The symptoms described below are rarely seen as initial symptoms of the adverse reactions indicated in brackets. If any of these symptoms occur, see your doctor immediately.
•dry mouth, excessive intake of water, increased urine output [diabetic ketoacidosis, diabetic coma]
•being silent without moving, muscle stiffness, sudden fever [neuroleptic malignant syndrome]
•moving the tongue, putting the tongue out and pulling it back in, continual movement of the mouth appearing to chew something [tardive dyskinesia]
•nausea, vomiting, constipation, intense abdominal pain [paralytic ileus]
•weakness, muscle pain, reddish brown urine [rhabdomyolysis]
The above symptoms do not describe all the adverse reactions to this medicine.

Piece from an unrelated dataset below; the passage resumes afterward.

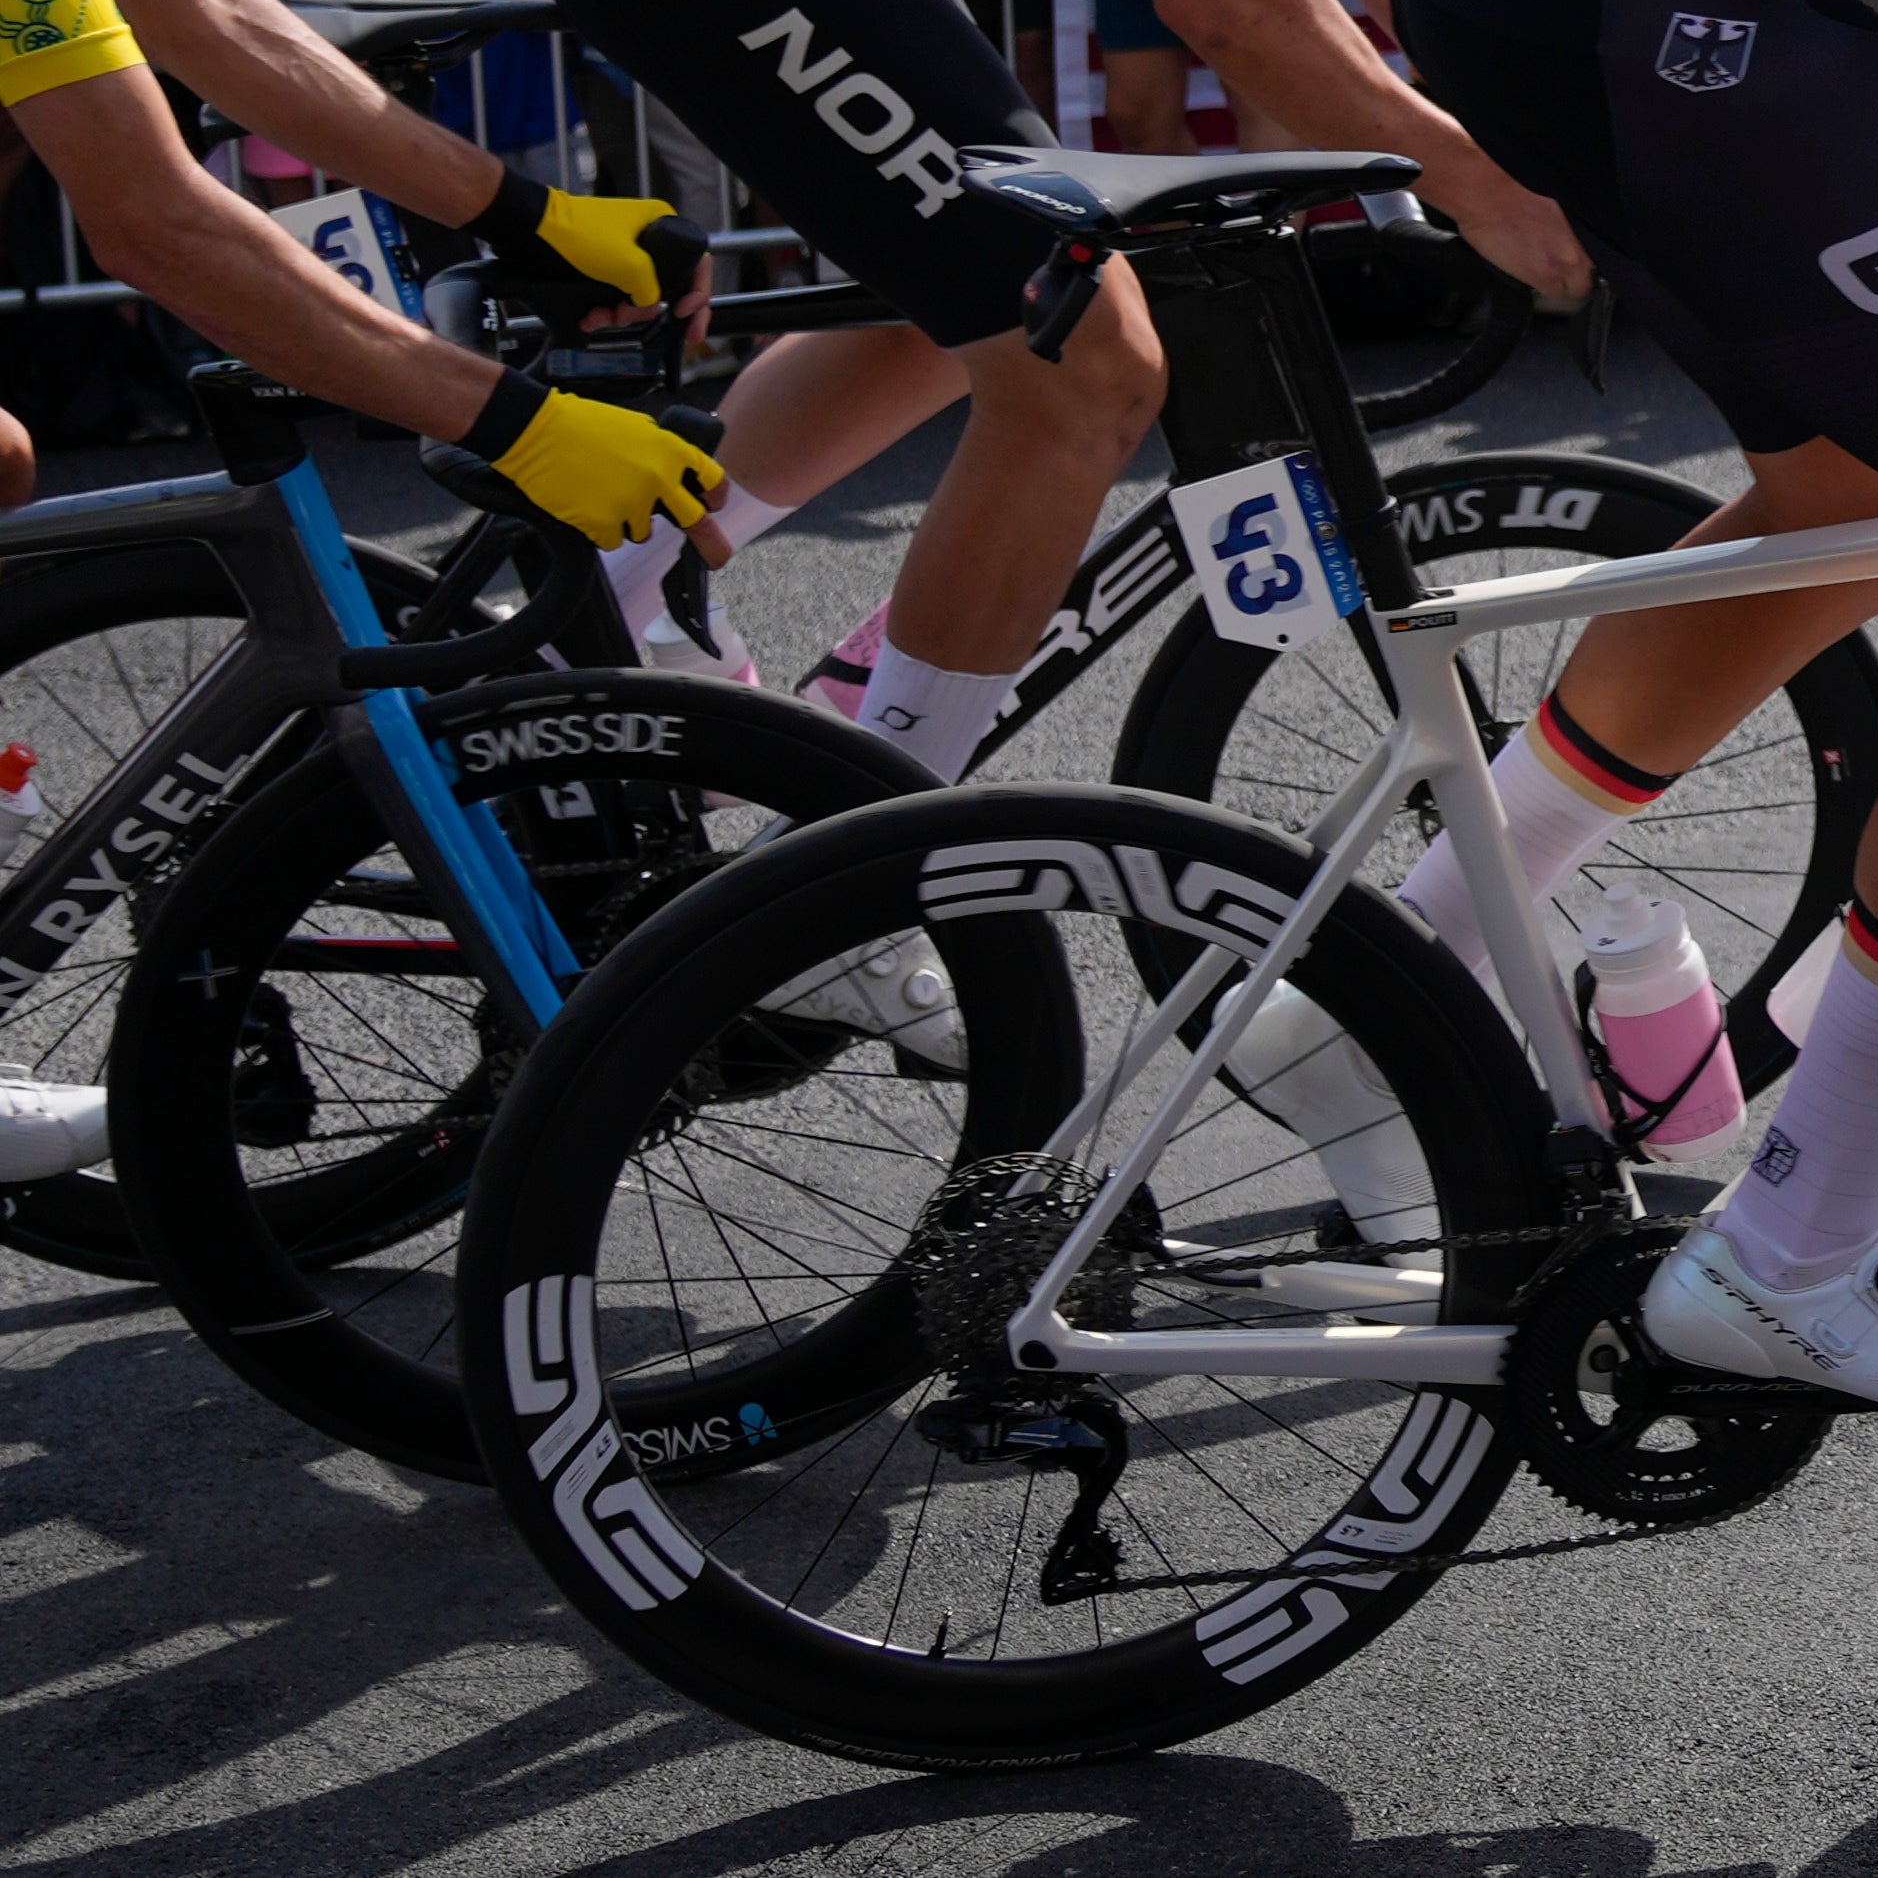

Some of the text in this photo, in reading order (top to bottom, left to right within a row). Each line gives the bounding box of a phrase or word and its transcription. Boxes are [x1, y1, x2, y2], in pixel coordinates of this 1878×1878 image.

Consult with your doctor or pharmacist if you notice any symptoms of concern other than those listed above.
Otsuka Pharmaceutical Co., Ltd.Injection
Published: 5/2015
The information on this sheet is based on approvals granted by the Japanese regulatory authority. Approval details may vary by country. Medicines have adverse reactions (risks) as well as efficacies (benefits). It is important to minimize adverse reactions and maximize efficacy. To obtain a better therapeutic response, patients should understand their medication and cooperate with the treatment.